Ignoring every picture, transcribe the data in full as it stands.

==============================

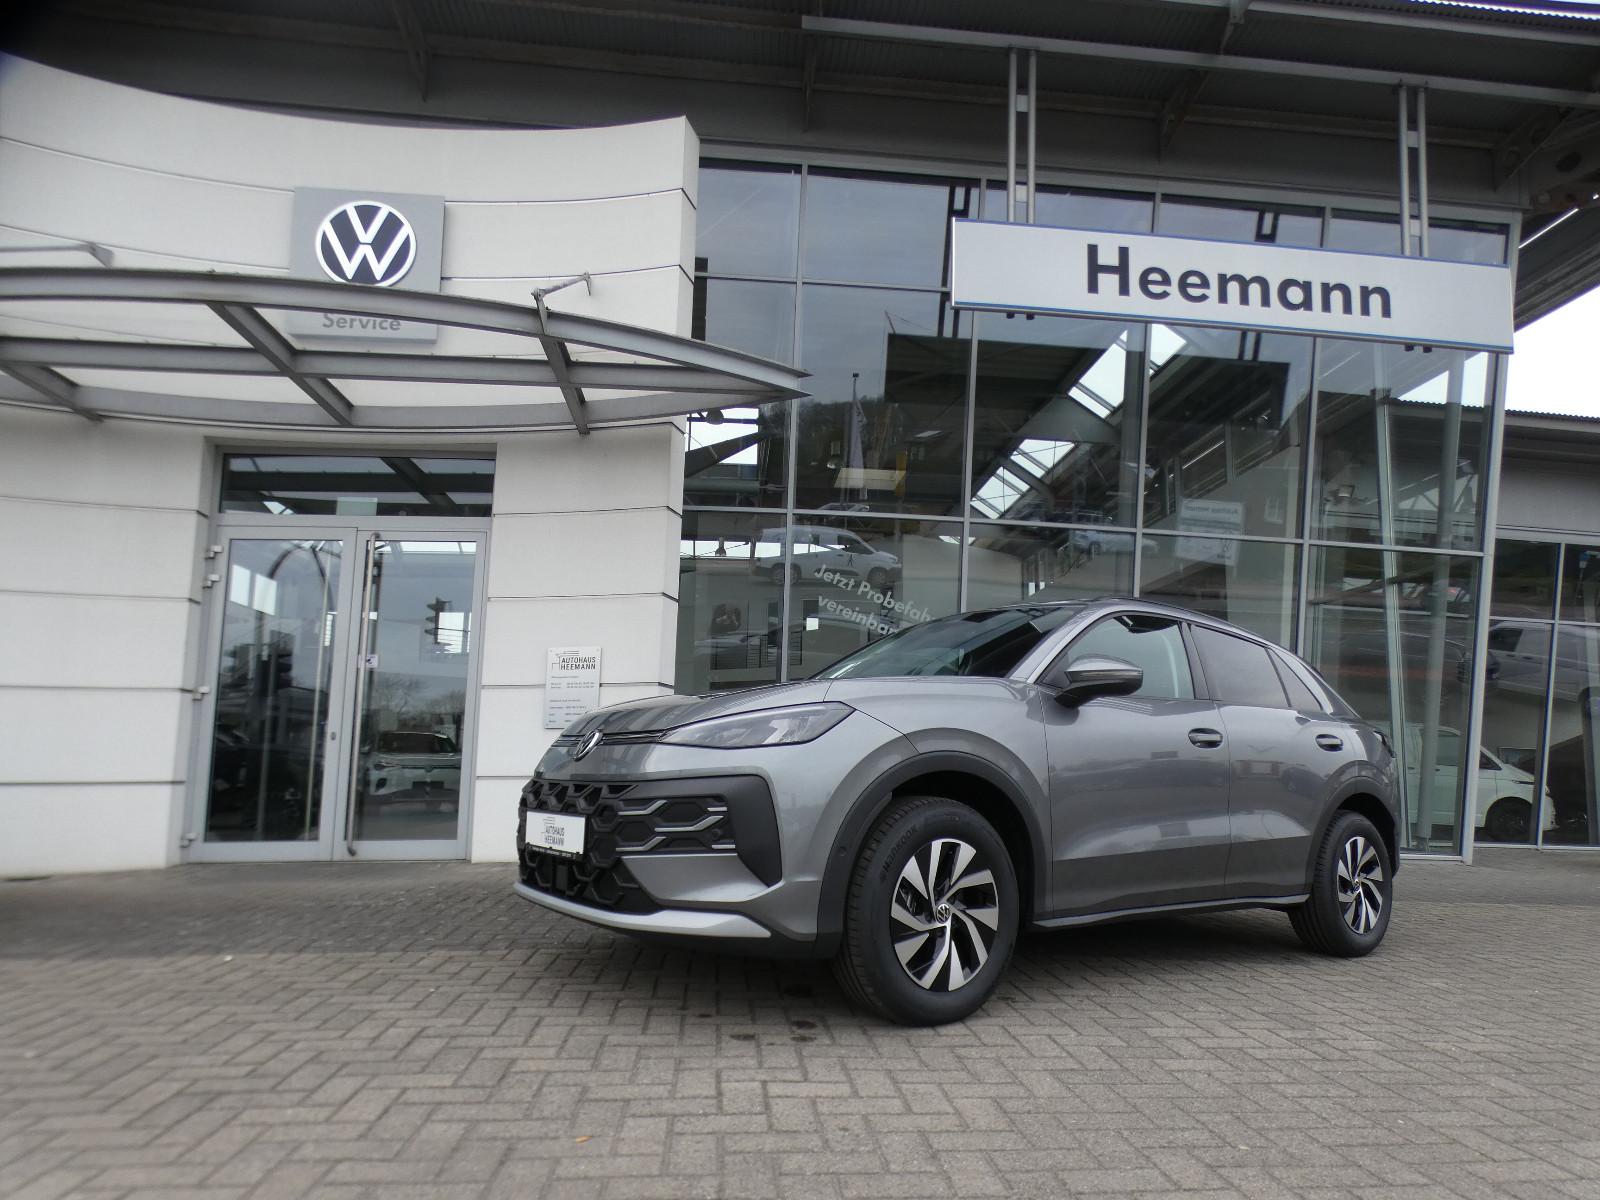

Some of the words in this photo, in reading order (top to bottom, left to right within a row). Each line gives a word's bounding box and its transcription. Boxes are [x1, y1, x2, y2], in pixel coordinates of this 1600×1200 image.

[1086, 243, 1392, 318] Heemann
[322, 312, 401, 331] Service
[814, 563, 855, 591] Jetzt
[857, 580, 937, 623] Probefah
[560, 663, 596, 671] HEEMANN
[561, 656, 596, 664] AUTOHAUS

==============================

» RESULT FOR THIS TASK:
Some of the words in this photo, in reading order (top to bottom, left to right within a row). Each line gives a word's bounding box and its transcription. Boxes are [x1, y1, x2, y2], in pixel coordinates of this 1600×1200 image.

[1086, 243, 1392, 318] Heemann
[322, 312, 401, 331] Service
[814, 563, 855, 591] Jetzt
[857, 580, 937, 623] Probefah
[560, 663, 596, 671] HEEMANN
[561, 656, 596, 664] AUTOHAUS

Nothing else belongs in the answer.